I have read most of the posts and I am really pleased that this has remained civil..please lets continue to do so..this is great a bunch of adults having a cicil conversation without getting nasty....so pats on the backs all round!!!!
but coming from the mom of 3 who has had nightmares over my oldest son I am sitting on the fence..
My oldest is 16 and has been a handful since he was 5, getting suspended and expelled from school many times. We have hd to move to he can attend school in different school board many times..
When we tried to dicipline our son (groundings ect..) he would go to school the next day and say we beat him..CPS was called and we were made to feel like criminals. this pattern continued until he was about 12 then he turned violent. Beating up his younger siblings, threatening to cut theier heads off. when I called CPS for help, support services I was told "ooo boys will be boys"..

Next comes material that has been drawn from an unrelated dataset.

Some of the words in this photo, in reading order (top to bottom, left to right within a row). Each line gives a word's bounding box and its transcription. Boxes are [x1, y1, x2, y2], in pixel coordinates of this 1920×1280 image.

this all continued till October 2007 when my son came forward to me and told me since he was 5 a family friend had been molesting him!....I died that day! everything I thought I was as a parent was out the window....(yes we are in criminal court right now the offender has a long history of this that we nevr knew of. )

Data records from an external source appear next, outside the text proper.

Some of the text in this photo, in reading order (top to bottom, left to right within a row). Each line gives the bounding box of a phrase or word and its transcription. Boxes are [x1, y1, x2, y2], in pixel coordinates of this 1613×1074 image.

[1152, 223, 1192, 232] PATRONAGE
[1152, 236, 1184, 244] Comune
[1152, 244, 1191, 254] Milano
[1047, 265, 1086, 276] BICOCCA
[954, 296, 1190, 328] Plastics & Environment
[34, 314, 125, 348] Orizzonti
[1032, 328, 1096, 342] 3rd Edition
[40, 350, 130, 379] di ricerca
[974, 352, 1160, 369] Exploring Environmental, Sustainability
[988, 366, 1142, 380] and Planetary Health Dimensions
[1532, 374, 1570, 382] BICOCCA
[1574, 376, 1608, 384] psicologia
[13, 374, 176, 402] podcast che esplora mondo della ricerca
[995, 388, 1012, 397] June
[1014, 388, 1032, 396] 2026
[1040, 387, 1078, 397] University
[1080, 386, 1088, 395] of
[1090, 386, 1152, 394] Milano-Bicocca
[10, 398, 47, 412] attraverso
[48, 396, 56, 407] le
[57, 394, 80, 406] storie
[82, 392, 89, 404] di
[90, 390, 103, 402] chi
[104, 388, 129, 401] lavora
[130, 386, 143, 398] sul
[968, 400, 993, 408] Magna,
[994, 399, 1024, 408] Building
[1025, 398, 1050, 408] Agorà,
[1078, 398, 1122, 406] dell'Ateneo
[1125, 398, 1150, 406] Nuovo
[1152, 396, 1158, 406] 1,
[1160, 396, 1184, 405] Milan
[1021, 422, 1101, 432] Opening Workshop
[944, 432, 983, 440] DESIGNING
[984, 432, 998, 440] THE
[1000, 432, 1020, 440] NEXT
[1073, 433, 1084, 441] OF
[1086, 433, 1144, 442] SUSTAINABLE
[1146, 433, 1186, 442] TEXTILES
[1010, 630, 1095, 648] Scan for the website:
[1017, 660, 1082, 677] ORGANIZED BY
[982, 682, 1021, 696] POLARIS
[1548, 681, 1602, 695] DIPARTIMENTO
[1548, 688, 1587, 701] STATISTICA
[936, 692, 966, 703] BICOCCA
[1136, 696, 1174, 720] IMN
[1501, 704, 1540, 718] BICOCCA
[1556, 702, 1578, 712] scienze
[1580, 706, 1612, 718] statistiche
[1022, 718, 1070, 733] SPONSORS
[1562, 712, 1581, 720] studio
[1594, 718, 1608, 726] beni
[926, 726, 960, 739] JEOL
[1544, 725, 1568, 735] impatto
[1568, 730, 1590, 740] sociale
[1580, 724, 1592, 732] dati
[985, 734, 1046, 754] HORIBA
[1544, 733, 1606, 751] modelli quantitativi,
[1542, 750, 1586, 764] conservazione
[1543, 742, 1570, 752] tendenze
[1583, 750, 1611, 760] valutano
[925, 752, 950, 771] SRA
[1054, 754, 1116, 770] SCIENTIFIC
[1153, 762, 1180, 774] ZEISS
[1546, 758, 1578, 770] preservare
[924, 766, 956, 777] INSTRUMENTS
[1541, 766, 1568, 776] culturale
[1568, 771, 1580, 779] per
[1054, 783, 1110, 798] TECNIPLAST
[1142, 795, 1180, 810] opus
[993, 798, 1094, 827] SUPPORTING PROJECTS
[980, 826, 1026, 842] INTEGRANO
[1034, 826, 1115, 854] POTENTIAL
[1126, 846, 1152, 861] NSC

there were many times where I wanted to just hand him over so he could get the help he needs. I am just over the limit to get assistance witht the cost of therapy..

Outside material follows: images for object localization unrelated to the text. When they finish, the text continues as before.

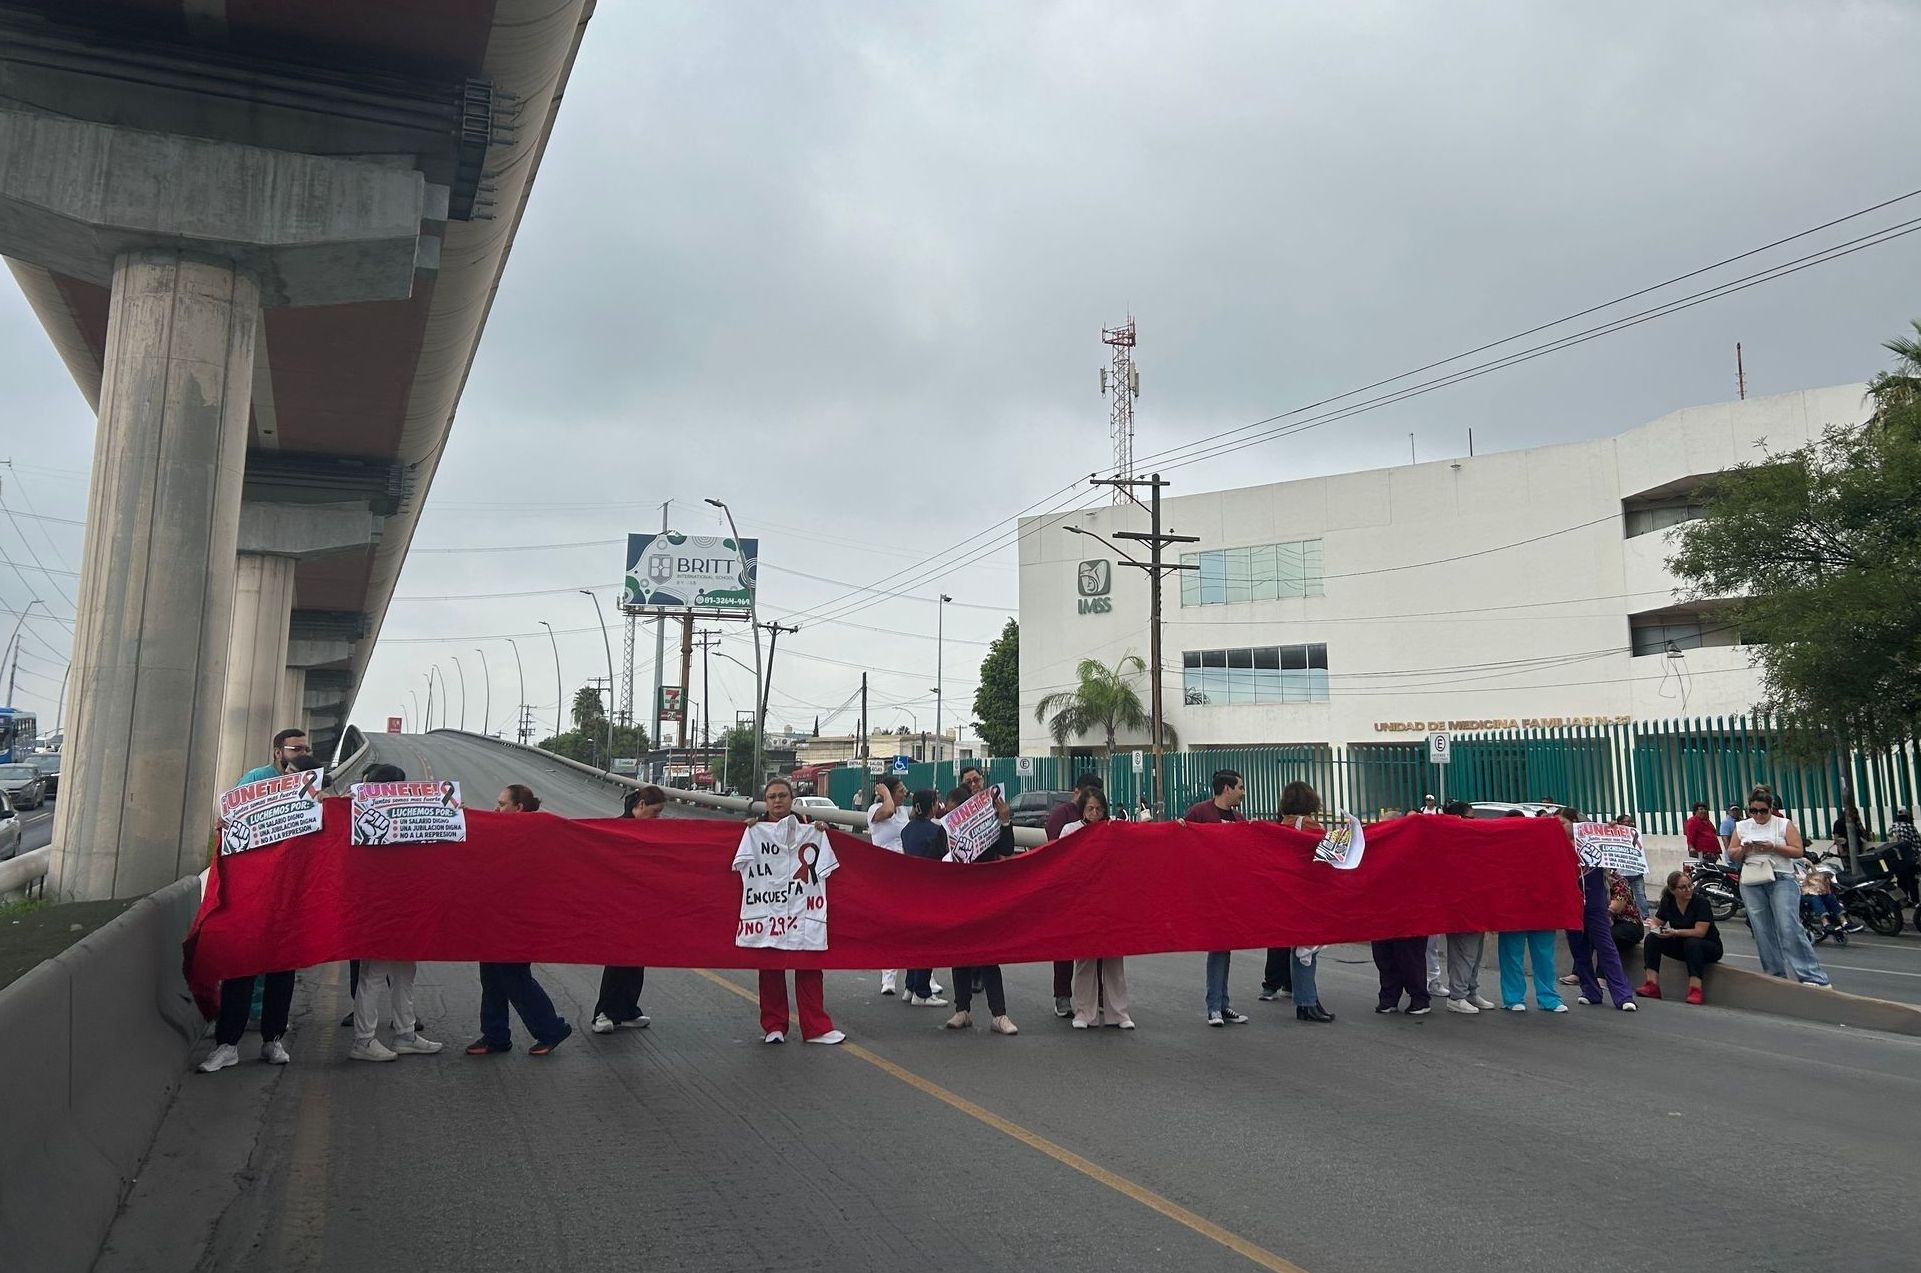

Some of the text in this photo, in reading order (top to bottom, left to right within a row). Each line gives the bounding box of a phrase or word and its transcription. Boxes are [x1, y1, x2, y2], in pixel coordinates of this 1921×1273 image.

[677, 558, 735, 574] BRITT
[704, 597, 750, 605] 81-3264-969
[1078, 597, 1112, 614] IMSS
[1374, 722, 1425, 732] UNIDAD
[1428, 721, 1446, 731] DE
[1448, 719, 1518, 730] MEDICINA
[250, 801, 310, 823] LUCHEMOS POR:
[392, 808, 453, 817] LUCHEMOS POR:
[266, 817, 286, 829] SALARIO
[287, 813, 304, 821] DIGNO
[300, 817, 317, 826] DIGNA
[261, 836, 269, 844] NO
[274, 832, 281, 840] LA
[281, 825, 312, 838] REPRESION
[761, 842, 780, 855] NO
[1602, 845, 1629, 854] LUCHEMOS
[748, 863, 773, 879] A LA
[746, 881, 804, 905] ENCUESTA
[806, 896, 824, 910] NO
[745, 922, 763, 935] NO

In February 2008 he threw me down a flight of stairs and i let it go as a mistake he showed signs of remorse tight away...This past Saturday he struck me again. I called the police and had him charged with assaualt and he was jailed for the night...
But now I feel like the worst mother in the world i had y baby locked up. But now the courts can force him to get help cause the CPS was not able to offer it to him.
I am sorry for the long post but you can never know what another person has gone through until you have walked a mile in their shoes.